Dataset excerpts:
---+---

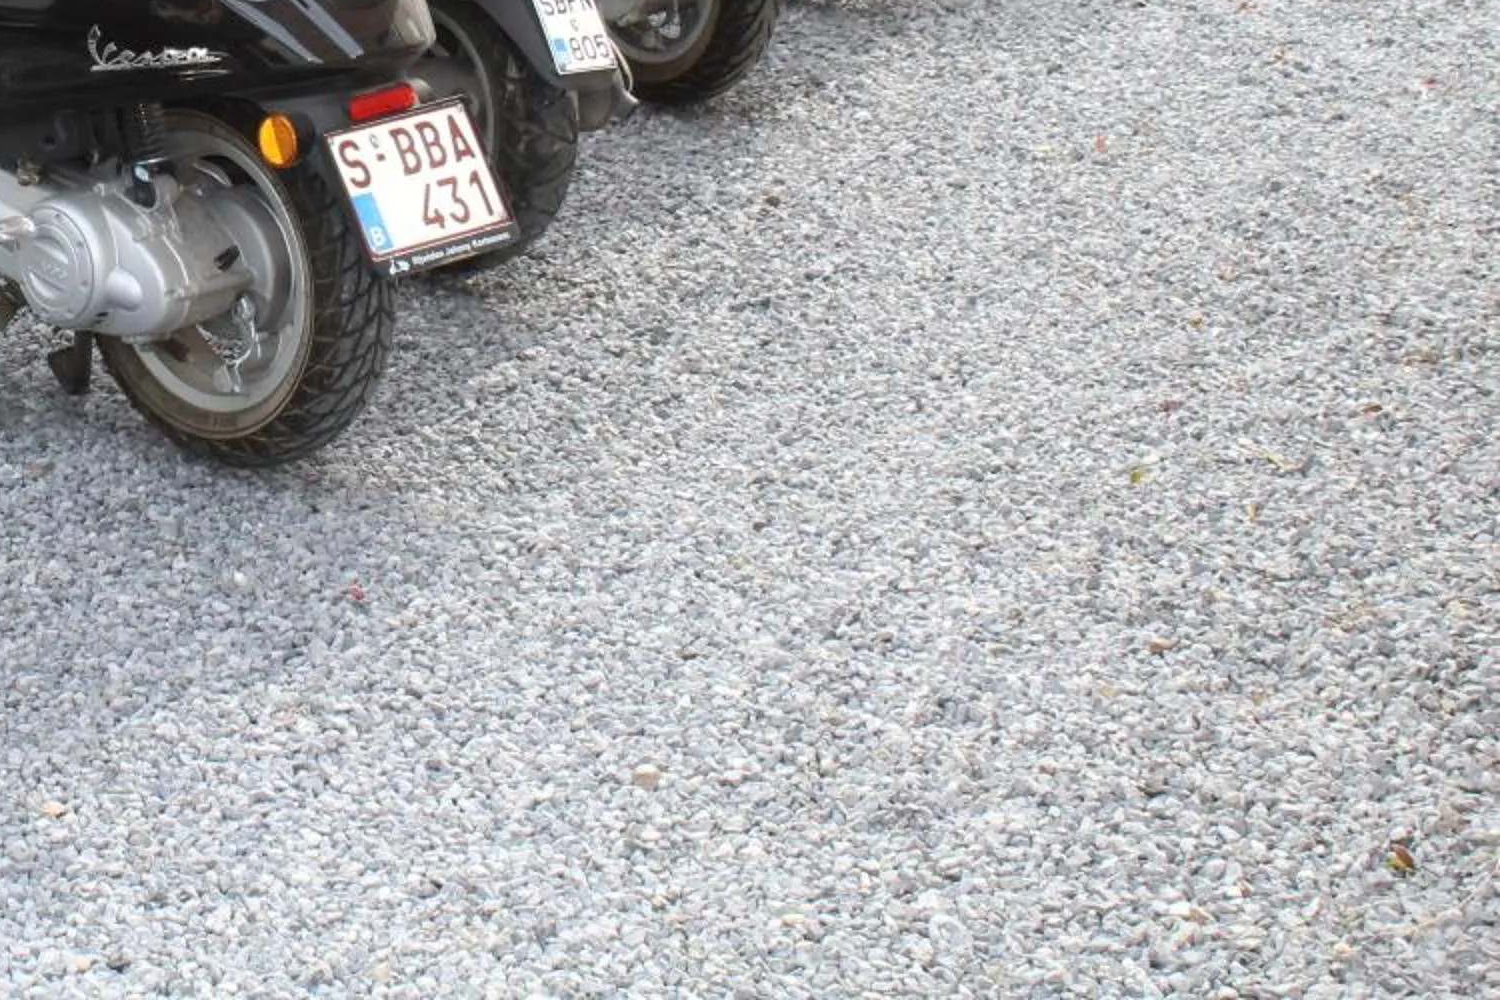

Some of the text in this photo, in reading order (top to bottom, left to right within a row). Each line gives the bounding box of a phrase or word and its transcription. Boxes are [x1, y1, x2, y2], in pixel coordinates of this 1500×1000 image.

[87, 23, 223, 72] Vespa
[569, 34, 610, 61] 805
[422, 168, 495, 230] 431
[367, 225, 387, 249] B
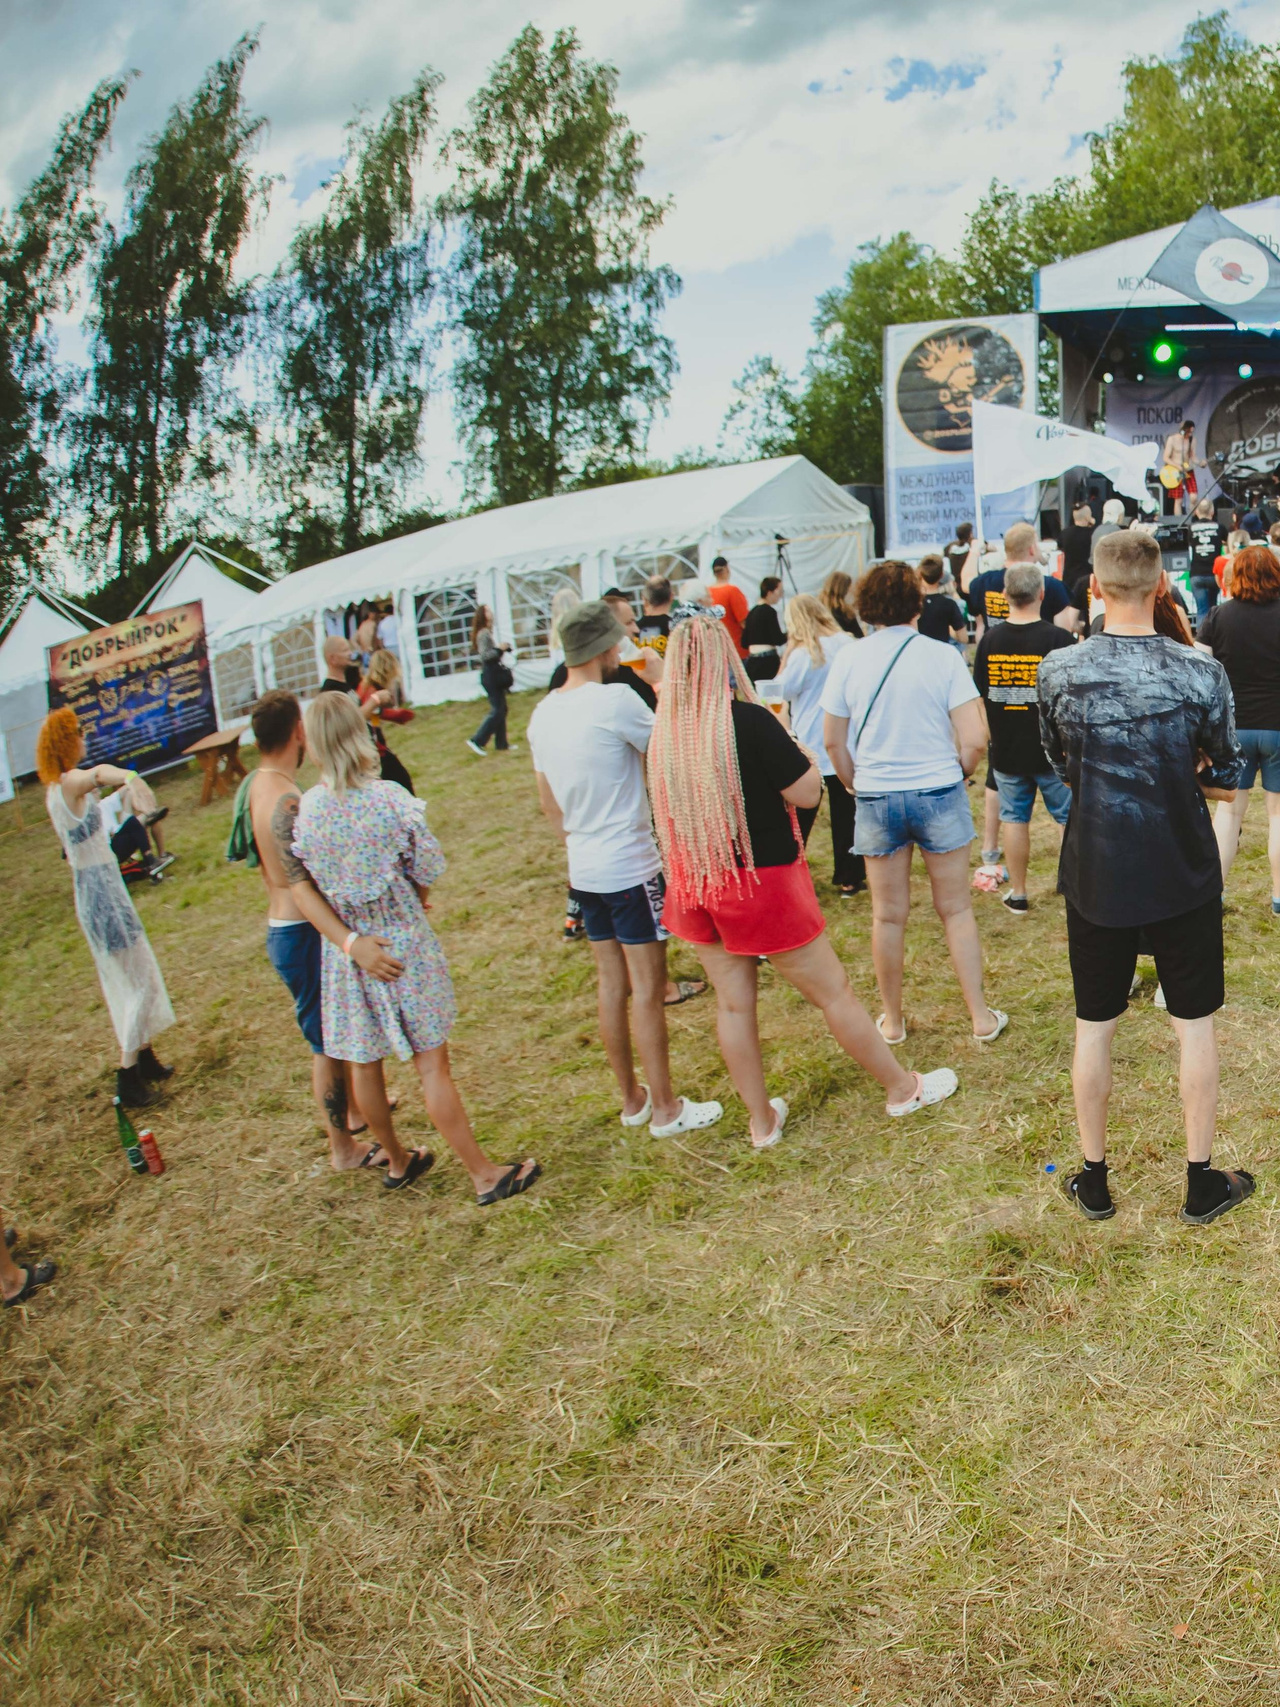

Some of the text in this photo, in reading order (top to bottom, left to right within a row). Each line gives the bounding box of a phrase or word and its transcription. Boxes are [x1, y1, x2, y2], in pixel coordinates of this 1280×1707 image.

[1136, 406, 1183, 425] ПСКОВ
[899, 489, 966, 507] ФЕСТИВАЛЬ
[942, 505, 992, 522] МУЗЫИ

---+---

> **What you will do**: Every line from the one that contains "this 1280×1707 image." down to and including the last line of the records above must be set down exactly, with nothing else.

> **Expected output**:
Some of the text in this photo, in reading order (top to bottom, left to right within a row). Each line gives the bounding box of a phrase or word and its transcription. Boxes are [x1, y1, x2, y2], in pixel coordinates of this 1280×1707 image.

[1136, 406, 1183, 425] ПСКОВ
[899, 489, 966, 507] ФЕСТИВАЛЬ
[942, 505, 992, 522] МУЗЫИ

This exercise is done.